§ **Aim of the task**
Write the data out again exactly, dropping any images it holds.

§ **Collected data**
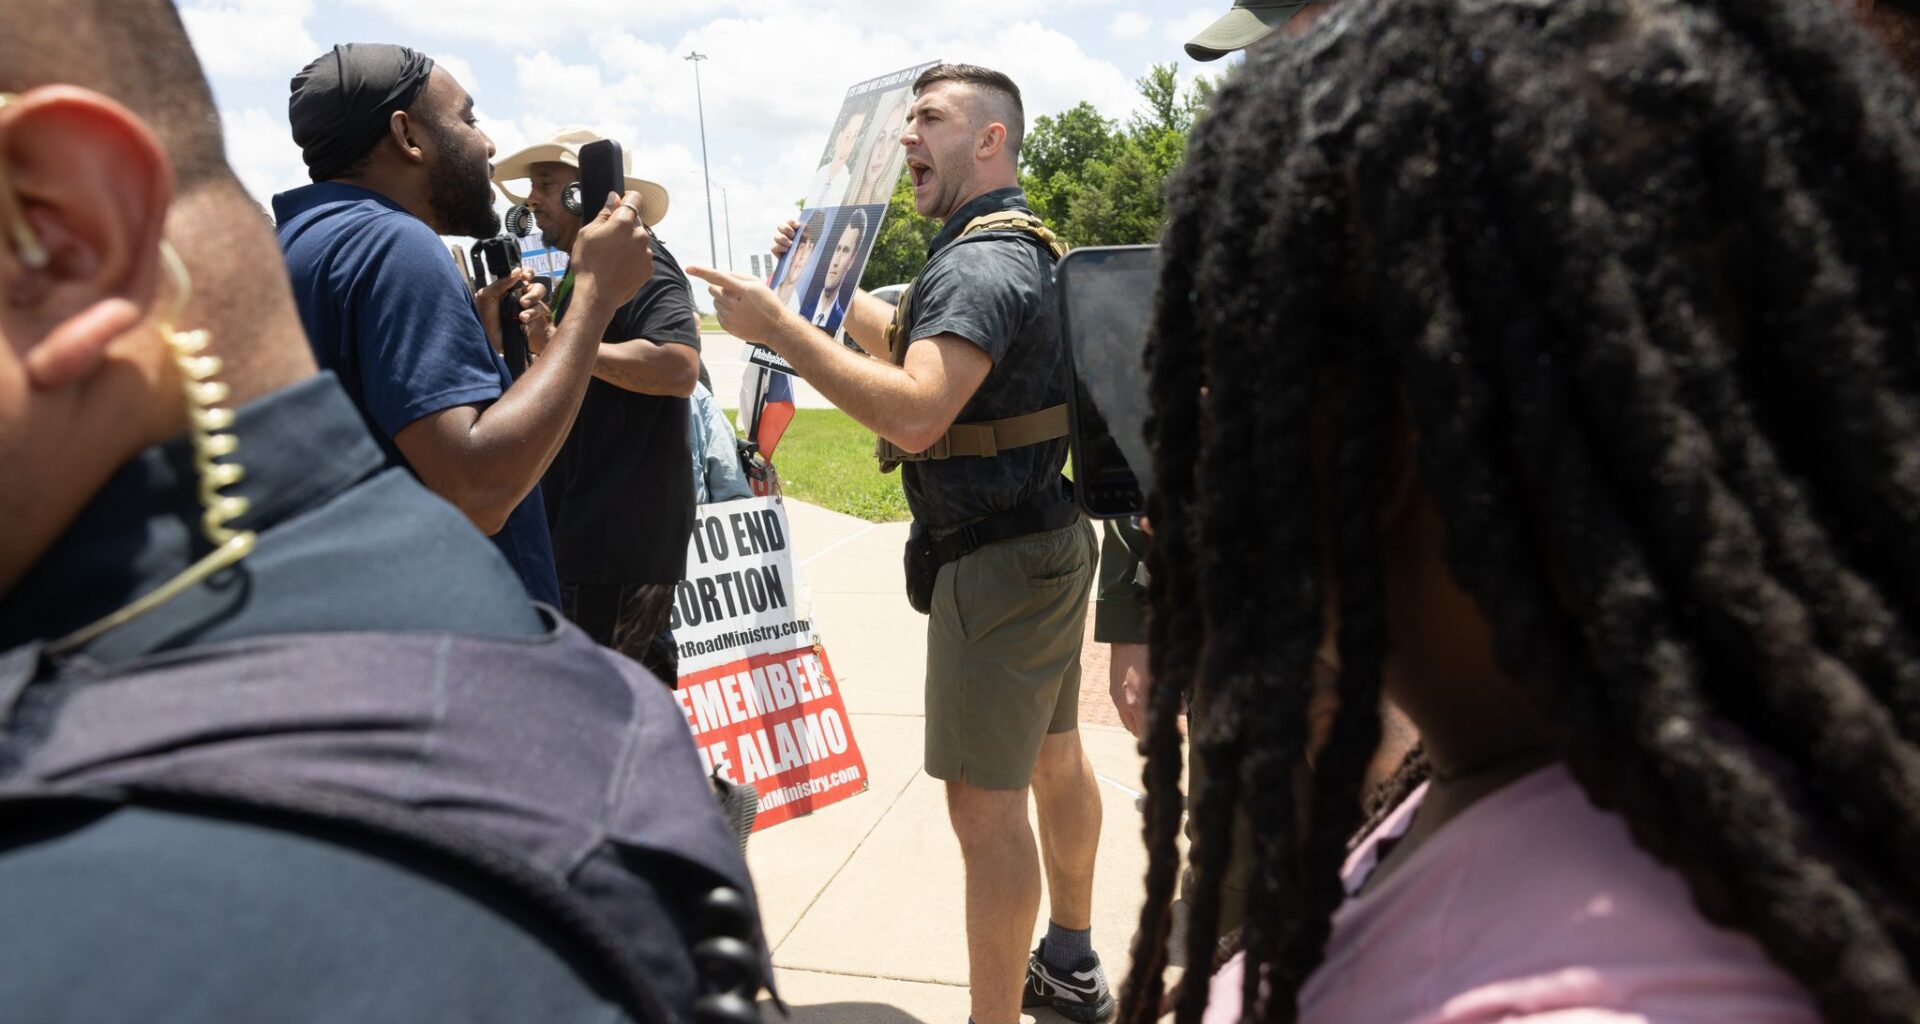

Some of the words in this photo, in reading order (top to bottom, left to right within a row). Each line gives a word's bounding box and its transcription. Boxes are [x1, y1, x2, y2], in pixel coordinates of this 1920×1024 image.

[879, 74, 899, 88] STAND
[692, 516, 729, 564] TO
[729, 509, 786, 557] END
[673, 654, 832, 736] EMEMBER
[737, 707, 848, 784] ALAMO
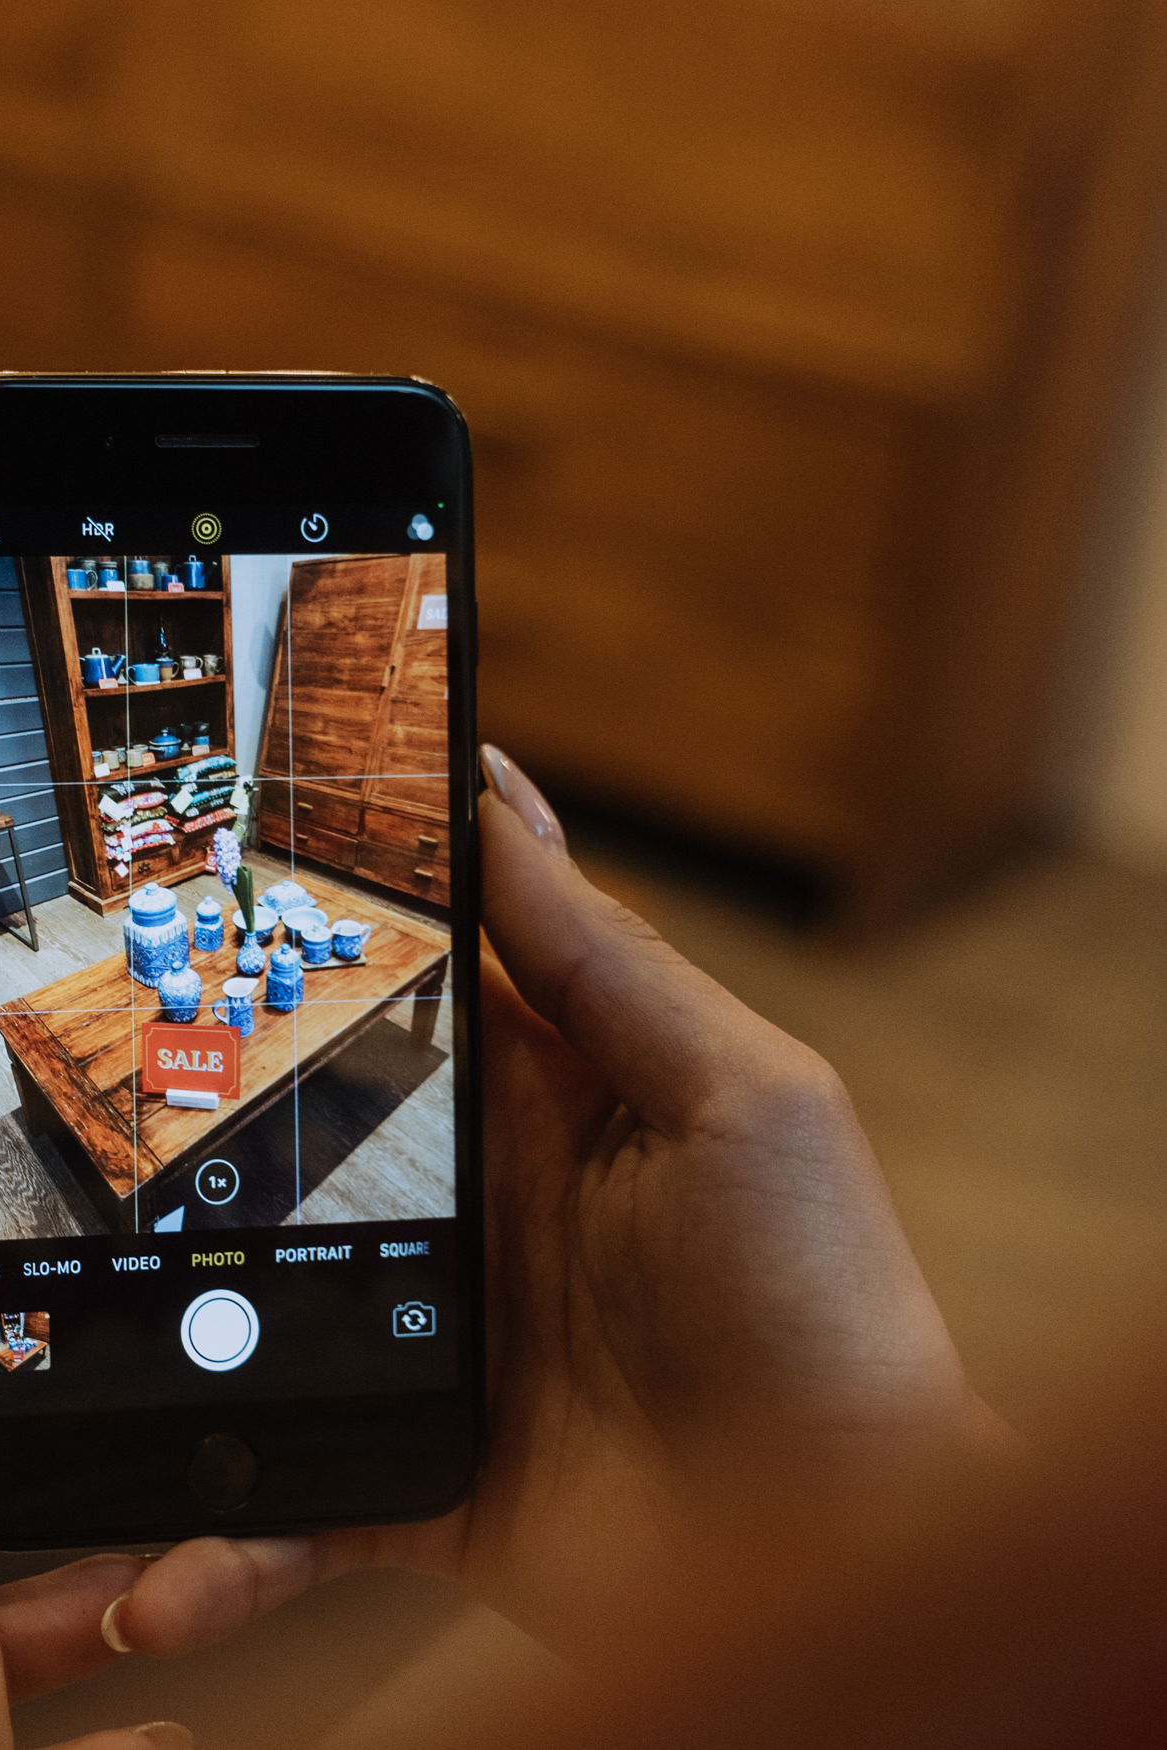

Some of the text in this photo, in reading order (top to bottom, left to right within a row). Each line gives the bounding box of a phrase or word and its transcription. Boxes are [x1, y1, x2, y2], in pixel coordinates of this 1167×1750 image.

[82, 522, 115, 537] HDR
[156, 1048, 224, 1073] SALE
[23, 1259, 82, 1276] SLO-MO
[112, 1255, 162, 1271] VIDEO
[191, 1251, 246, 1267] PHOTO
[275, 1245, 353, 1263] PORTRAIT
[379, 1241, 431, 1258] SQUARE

§ **Answer to this exercise**
Some of the words in this photo, in reading order (top to bottom, left to right within a row). Each line gives a word's bounding box and its transcription. Boxes are [x1, y1, x2, y2], in pixel coordinates of this 1920×1024 image.

[879, 74, 899, 88] STAND
[692, 516, 729, 564] TO
[729, 509, 786, 557] END
[673, 654, 832, 736] EMEMBER
[737, 707, 848, 784] ALAMO

Some of the text in this photo, in reading order (top to bottom, left to right within a row). Each line gives the bounding box of a phrase or word and its transcription. Boxes are [x1, y1, x2, y2], in pixel coordinates of this 1167×1750 image.

[82, 522, 115, 537] HDR
[156, 1048, 224, 1073] SALE
[23, 1259, 82, 1276] SLO-MO
[112, 1255, 162, 1271] VIDEO
[191, 1251, 246, 1267] PHOTO
[275, 1245, 353, 1263] PORTRAIT
[379, 1241, 431, 1258] SQUARE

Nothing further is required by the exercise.